Delaleu, J, Destere, A, Hachon, L, Declèves, X, Lloret-Linares, C
Therapie. 2019;(4):451-458
Abstract
Glucocorticoids (GCs) are amongst the most widely used and effective treatments to control inflammatory and autoimmune diseases. In obese subjects, drug dosing adjusted by body weight is problematic, all the more so as patients are at higher risk of GC metabolic side effects. We propose here to describe the determinants of drug pharmacokinetics (PK) in obese subjects and GC pharmacology, and to identify the existing PK studies that may help discussing the best size descriptor for GC dosing in obese subjects. A clinician and a pharmacist screened PubMed using the MeSH Terms: "glucocorticoids" OR "steroidal agents" AND "pharmacokinetics" AND "obesity" OR "overweight". The search was limited to the publications written in English language and to those performed in humans. A systematic search using the MeSH terms was performed until August 31st, 2017. Only three such PK studies have been published so far that compare dexamethasone, prednisolone and methylprednisolone in obese and normal weight subjects. The studies concur that GC partially distribute in the excess of body weight and that adjustment by total body weight (TBW) or by body weight (BW) excess would increase the initial plasma GC concentration after a loading dose and would thus be inappropriate.
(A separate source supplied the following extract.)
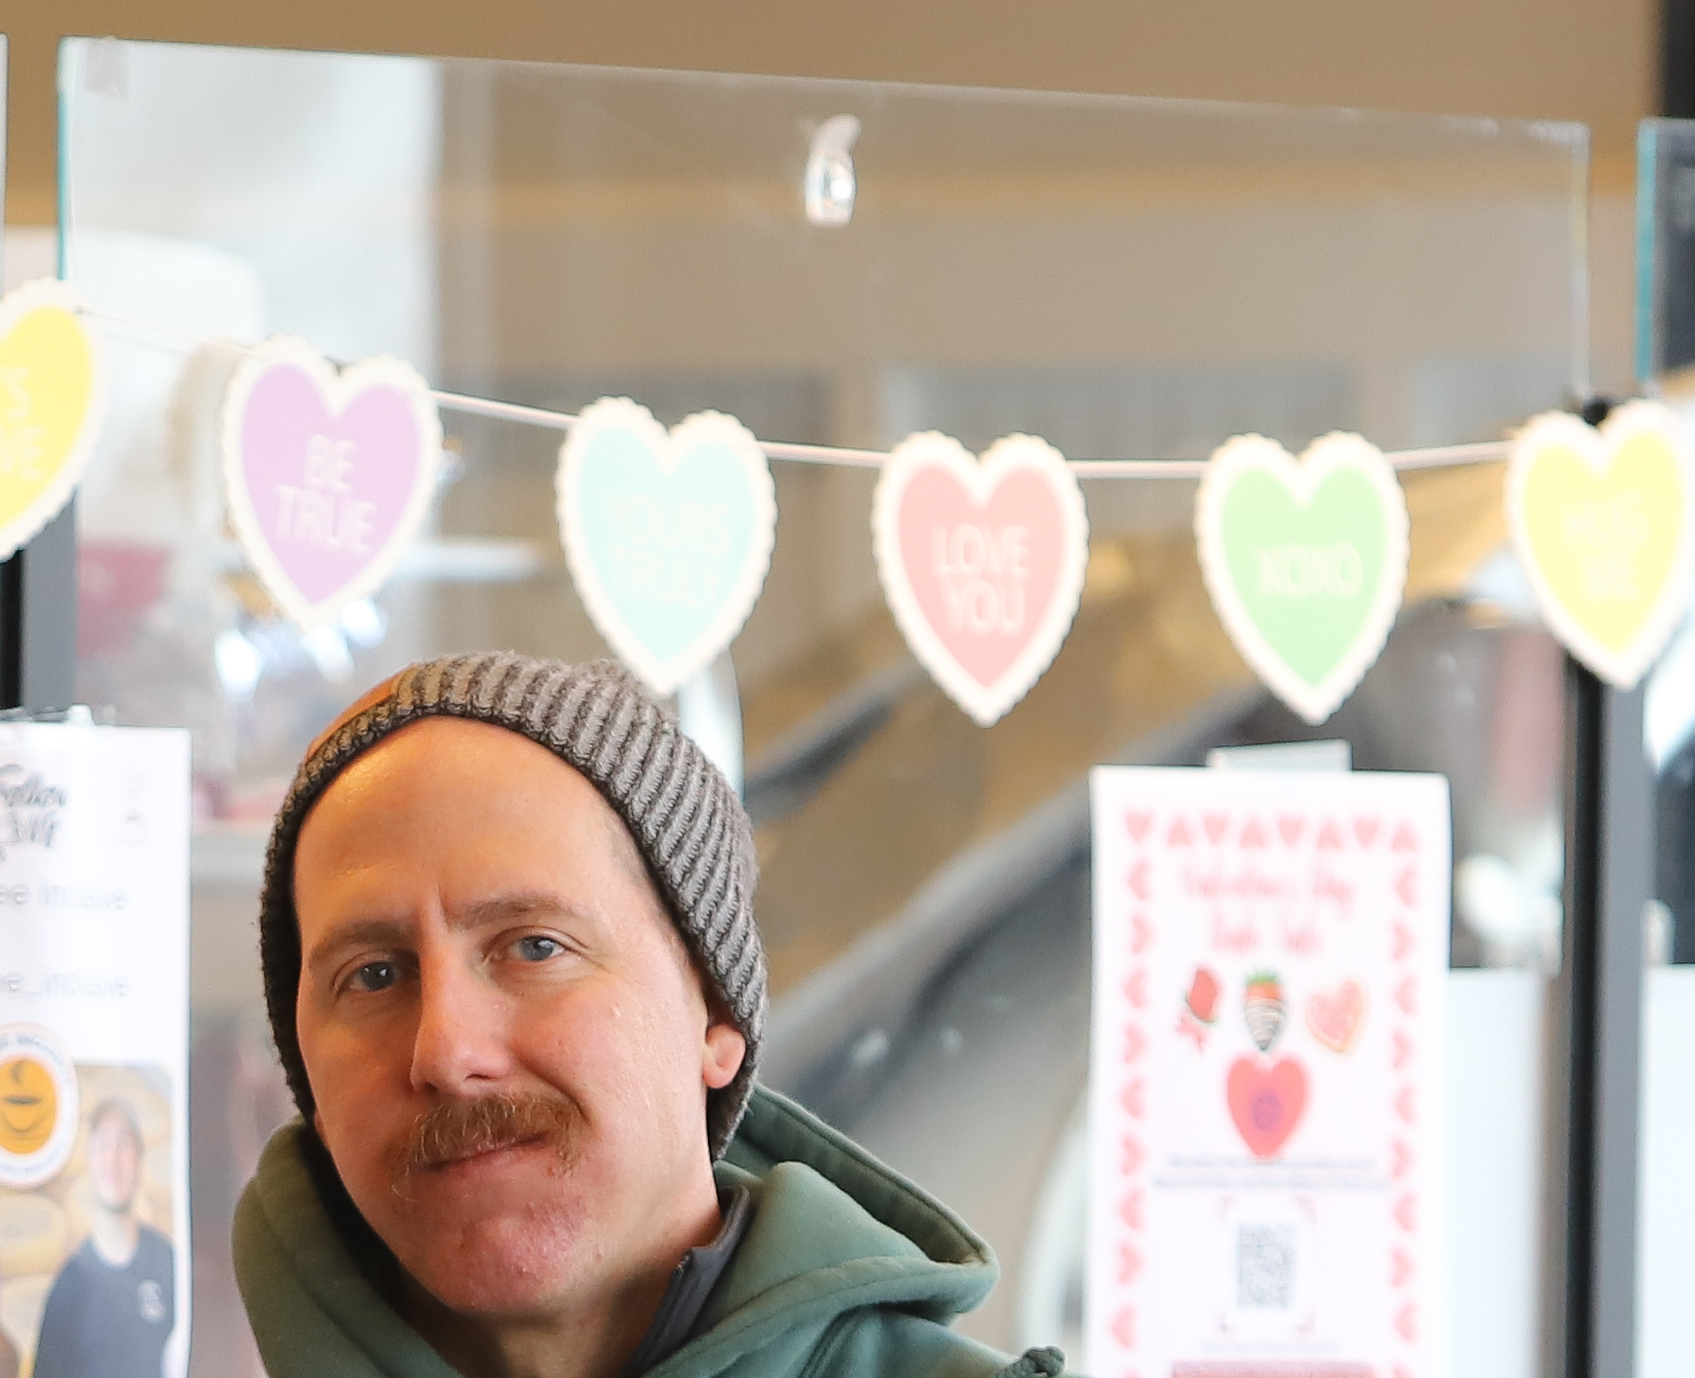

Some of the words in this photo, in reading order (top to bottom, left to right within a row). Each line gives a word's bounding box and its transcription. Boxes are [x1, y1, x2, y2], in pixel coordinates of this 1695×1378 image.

Contradictory results are observed regarding GC exposure or clearance according to the GC studied. Behind this overwhelming lack of conclusive evidence for adjusting GC by body weight, further PK studies are clearly needed for guiding their dosing. Furthermore, studies demonstrated an increased sensibility to GC, even when GC exposure was reduced, suggesting that adjustment by body weight may not only be unnecessary but also dangerous.